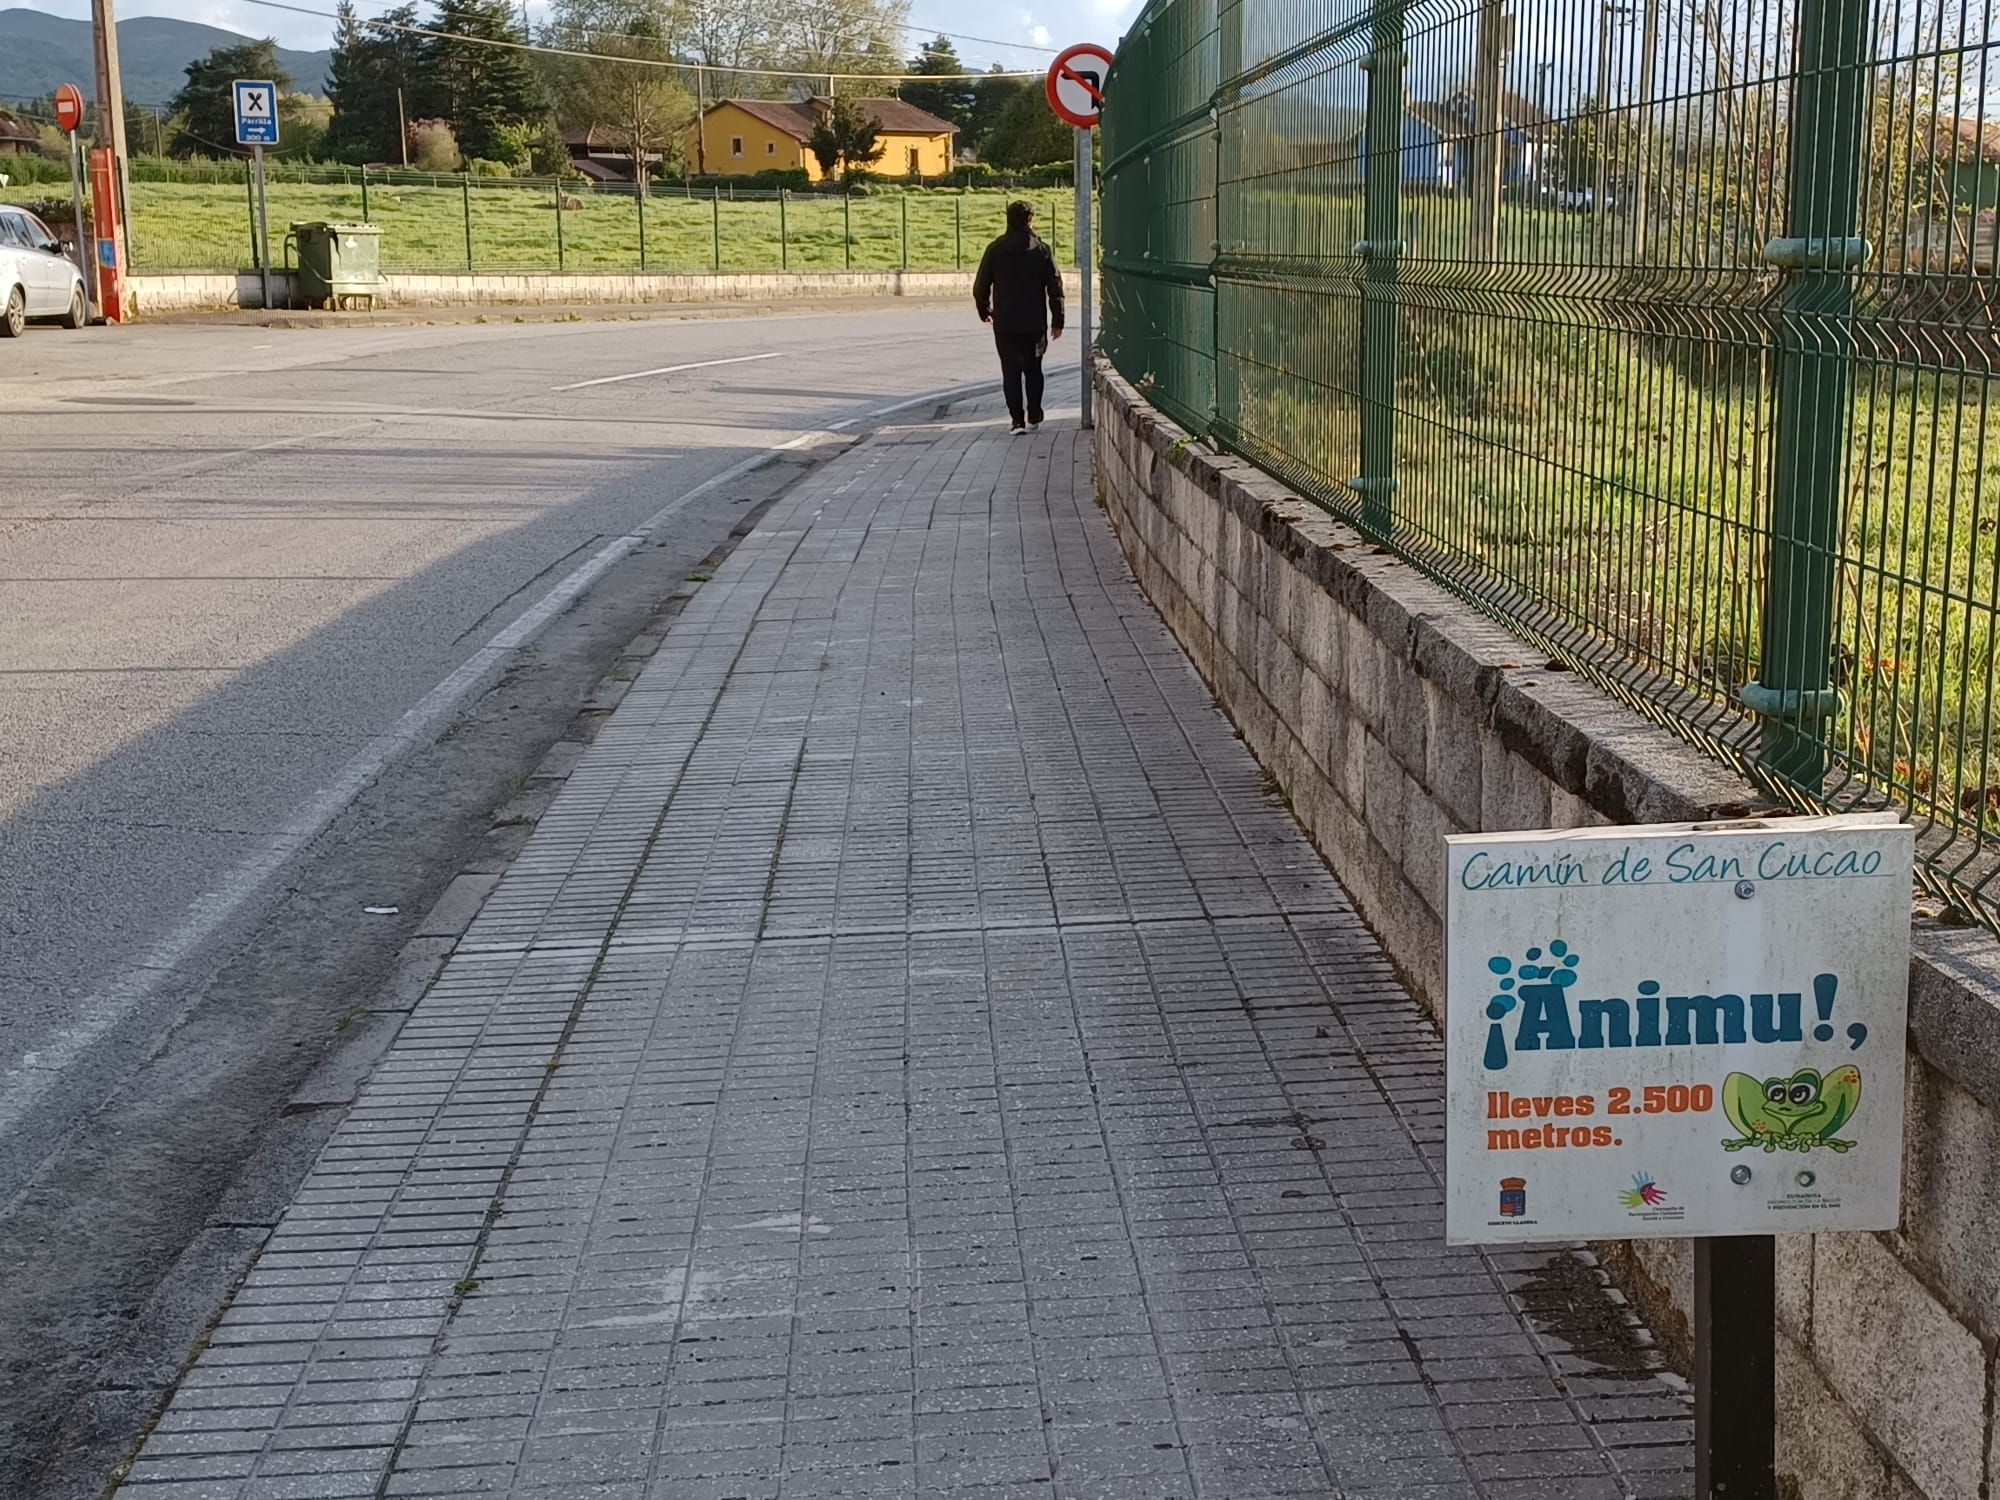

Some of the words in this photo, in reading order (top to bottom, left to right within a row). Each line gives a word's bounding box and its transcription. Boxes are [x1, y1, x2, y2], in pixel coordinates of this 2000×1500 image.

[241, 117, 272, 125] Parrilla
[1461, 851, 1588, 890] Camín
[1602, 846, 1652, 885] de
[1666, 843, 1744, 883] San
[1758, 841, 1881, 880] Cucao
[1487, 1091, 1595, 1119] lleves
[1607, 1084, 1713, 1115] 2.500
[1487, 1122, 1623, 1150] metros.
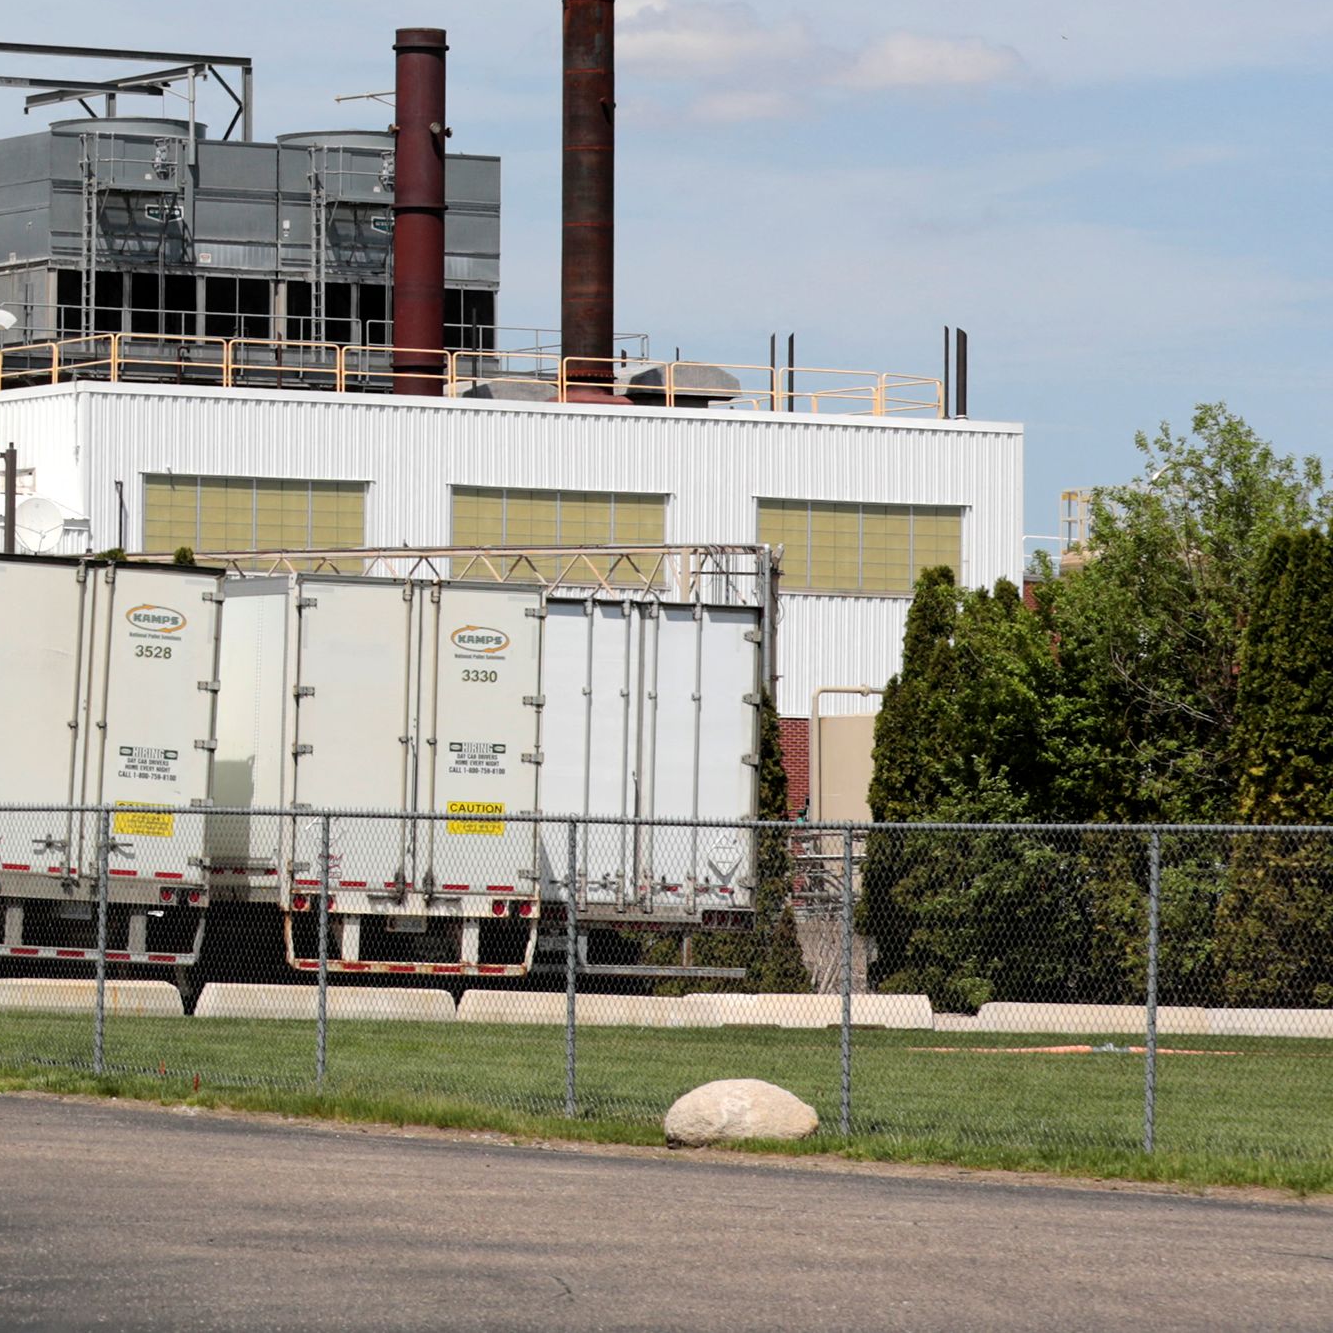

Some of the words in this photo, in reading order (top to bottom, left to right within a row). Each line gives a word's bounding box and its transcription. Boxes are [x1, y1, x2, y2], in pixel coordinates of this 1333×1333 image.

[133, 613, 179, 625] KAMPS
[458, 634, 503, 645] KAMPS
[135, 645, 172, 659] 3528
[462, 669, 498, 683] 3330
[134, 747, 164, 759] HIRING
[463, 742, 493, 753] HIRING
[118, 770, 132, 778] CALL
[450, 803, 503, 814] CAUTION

# # # #

Copy out every entry above, character for character, excluding pictures.

Some of the words in this photo, in reading order (top to bottom, left to right within a row). Each line gives a word's bounding box and its transcription. Boxes are [x1, y1, x2, y2], in pixel coordinates of this 2000×1500 image.

[241, 117, 272, 125] Parrilla
[1461, 851, 1588, 890] Camín
[1602, 846, 1652, 885] de
[1666, 843, 1744, 883] San
[1758, 841, 1881, 880] Cucao
[1487, 1091, 1595, 1119] lleves
[1607, 1084, 1713, 1115] 2.500
[1487, 1122, 1623, 1150] metros.

Some of the words in this photo, in reading order (top to bottom, left to right within a row). Each line gives a word's bounding box and its transcription. Boxes are [x1, y1, x2, y2], in pixel coordinates of this 1333×1333 image.

[133, 613, 179, 625] KAMPS
[458, 634, 503, 645] KAMPS
[135, 645, 172, 659] 3528
[462, 669, 498, 683] 3330
[134, 747, 164, 759] HIRING
[463, 742, 493, 753] HIRING
[118, 770, 132, 778] CALL
[450, 803, 503, 814] CAUTION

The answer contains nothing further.